EXERCISE PROMPT: With the pictures left out, write out the records verbatim.

[Dataset entries]

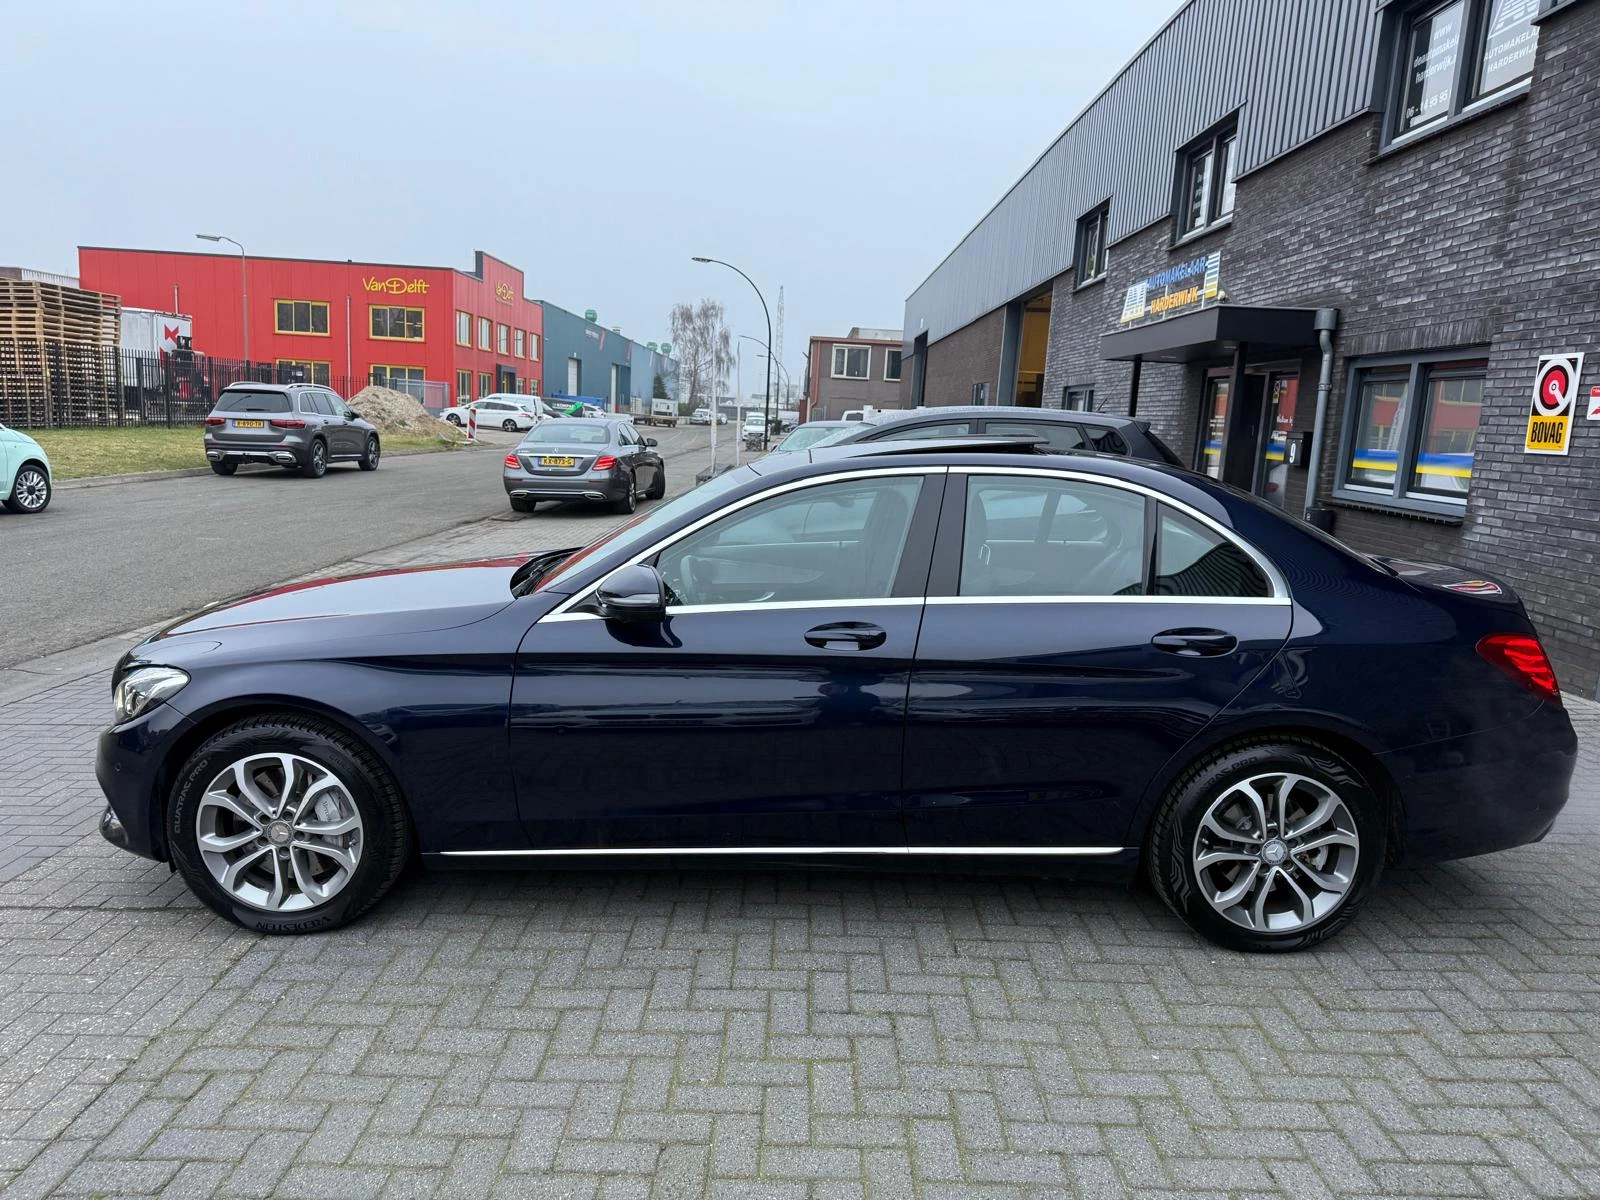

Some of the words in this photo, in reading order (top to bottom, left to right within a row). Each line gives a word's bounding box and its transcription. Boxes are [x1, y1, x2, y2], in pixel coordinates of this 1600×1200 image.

[1413, 35, 1458, 68] deautomakel
[1484, 26, 1540, 61] AUTOMAKELA
[1415, 54, 1456, 84] harderwijk.
[1146, 256, 1207, 289] AUTOMAKELAAR
[1151, 286, 1199, 314] HARDERWIJK
[1530, 421, 1563, 444] BOVAG
[1289, 442, 1297, 464] 9
[188, 759, 208, 782] PRO
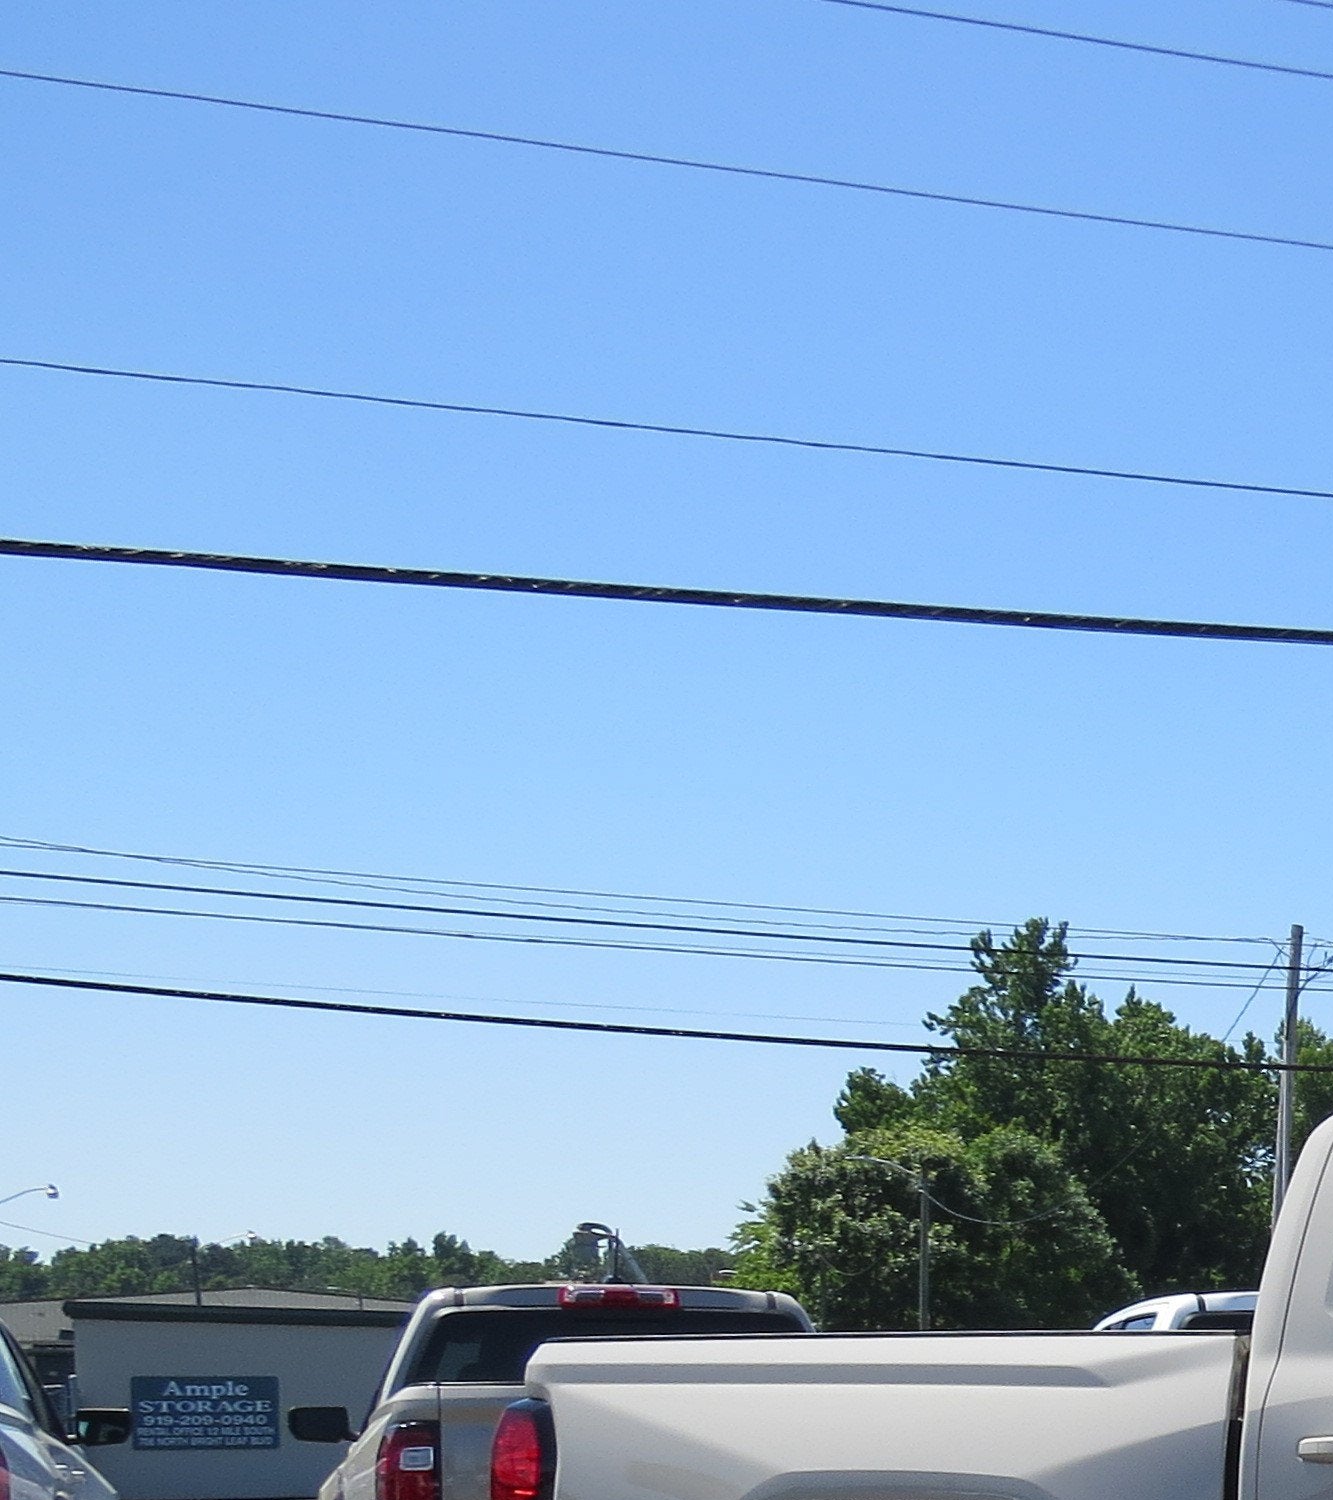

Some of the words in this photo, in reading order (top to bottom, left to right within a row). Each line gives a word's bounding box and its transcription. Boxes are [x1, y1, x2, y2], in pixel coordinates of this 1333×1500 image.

[163, 1381, 250, 1399] Ample
[139, 1400, 274, 1413] STORAGE
[142, 1414, 268, 1426] 919-209-0940
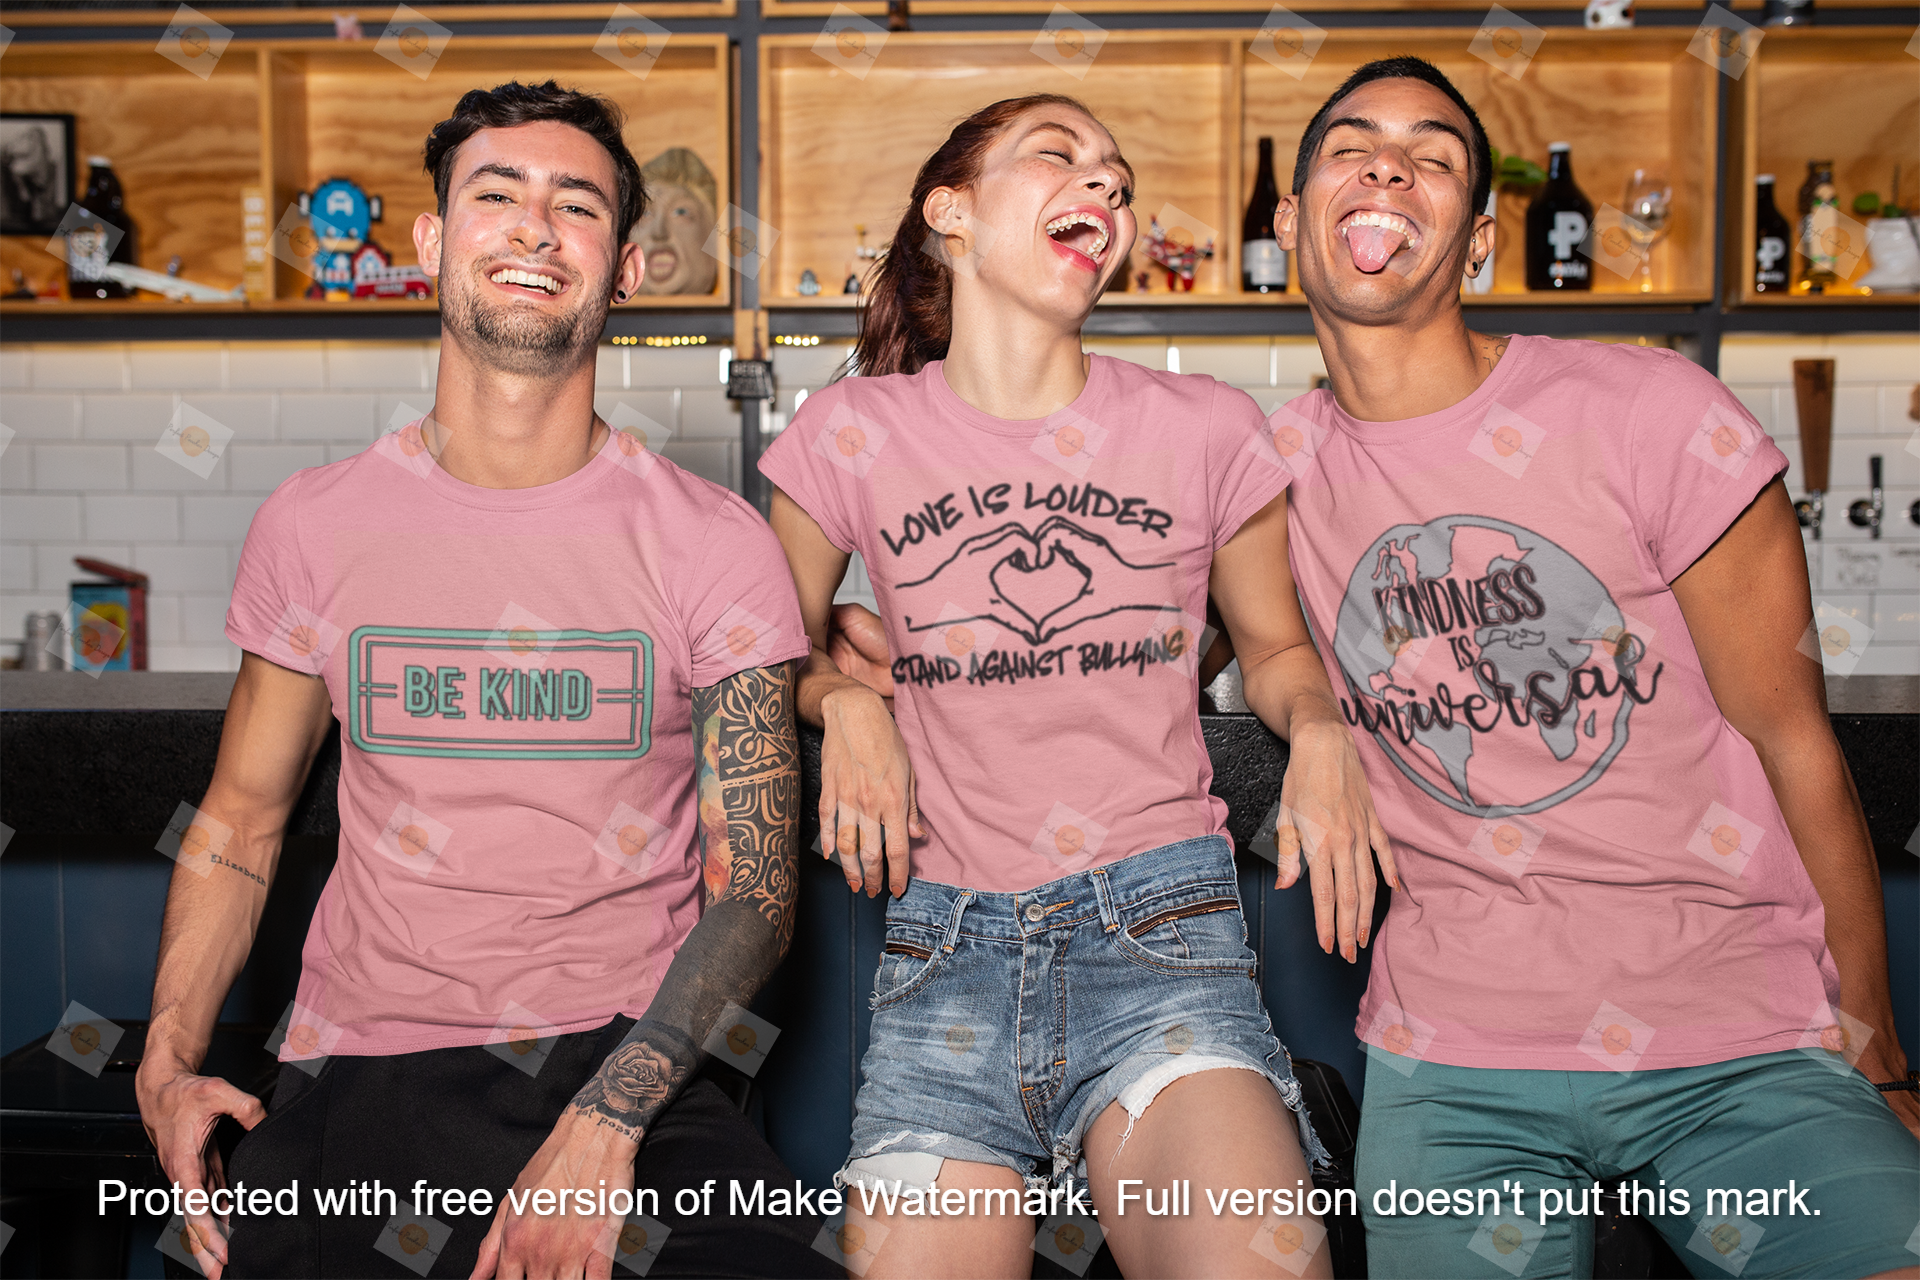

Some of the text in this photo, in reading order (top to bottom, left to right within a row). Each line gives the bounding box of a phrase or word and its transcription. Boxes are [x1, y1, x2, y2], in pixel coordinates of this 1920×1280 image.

[880, 482, 1173, 556] LOVE IS LOUDER
[1373, 563, 1546, 642] KINDNESS
[891, 653, 962, 689] STAND
[966, 644, 1074, 687] AGAINST
[1077, 629, 1185, 677] BULLYING
[1447, 634, 1475, 672] IS
[404, 664, 593, 722] BE KIND
[1339, 632, 1665, 746] universal
[210, 854, 266, 887] Elizabeth

TASK OUTPUT:
Some of the words in this photo, in reading order (top to bottom, left to right within a row). Each line gives a word's bounding box and its transcription. Boxes are [x1, y1, x2, y2], in pixel coordinates of this 1600×1200 image.

[1413, 35, 1458, 68] deautomakel
[1484, 26, 1540, 61] AUTOMAKELA
[1415, 54, 1456, 84] harderwijk.
[1146, 256, 1207, 289] AUTOMAKELAAR
[1151, 286, 1199, 314] HARDERWIJK
[1530, 421, 1563, 444] BOVAG
[1289, 442, 1297, 464] 9
[188, 759, 208, 782] PRO

Some of the words in this photo, in reading order (top to bottom, left to right within a row). Each line gives a word's bounding box and its transcription. Boxes are [x1, y1, x2, y2], in pixel coordinates of this 1333×1500 image.

[163, 1381, 250, 1399] Ample
[139, 1400, 274, 1413] STORAGE
[142, 1414, 268, 1426] 919-209-0940

Some of the text in this photo, in reading order (top to bottom, left to right within a row). Each line gives the bounding box of a phrase or word and its transcription. Boxes are [x1, y1, x2, y2], in pixel coordinates of this 1920×1280 image.

[880, 482, 1173, 556] LOVE IS LOUDER
[1373, 563, 1546, 642] KINDNESS
[891, 653, 962, 689] STAND
[966, 644, 1074, 687] AGAINST
[1077, 629, 1185, 677] BULLYING
[1447, 634, 1475, 672] IS
[404, 664, 593, 722] BE KIND
[1339, 632, 1665, 746] universal
[210, 854, 266, 887] Elizabeth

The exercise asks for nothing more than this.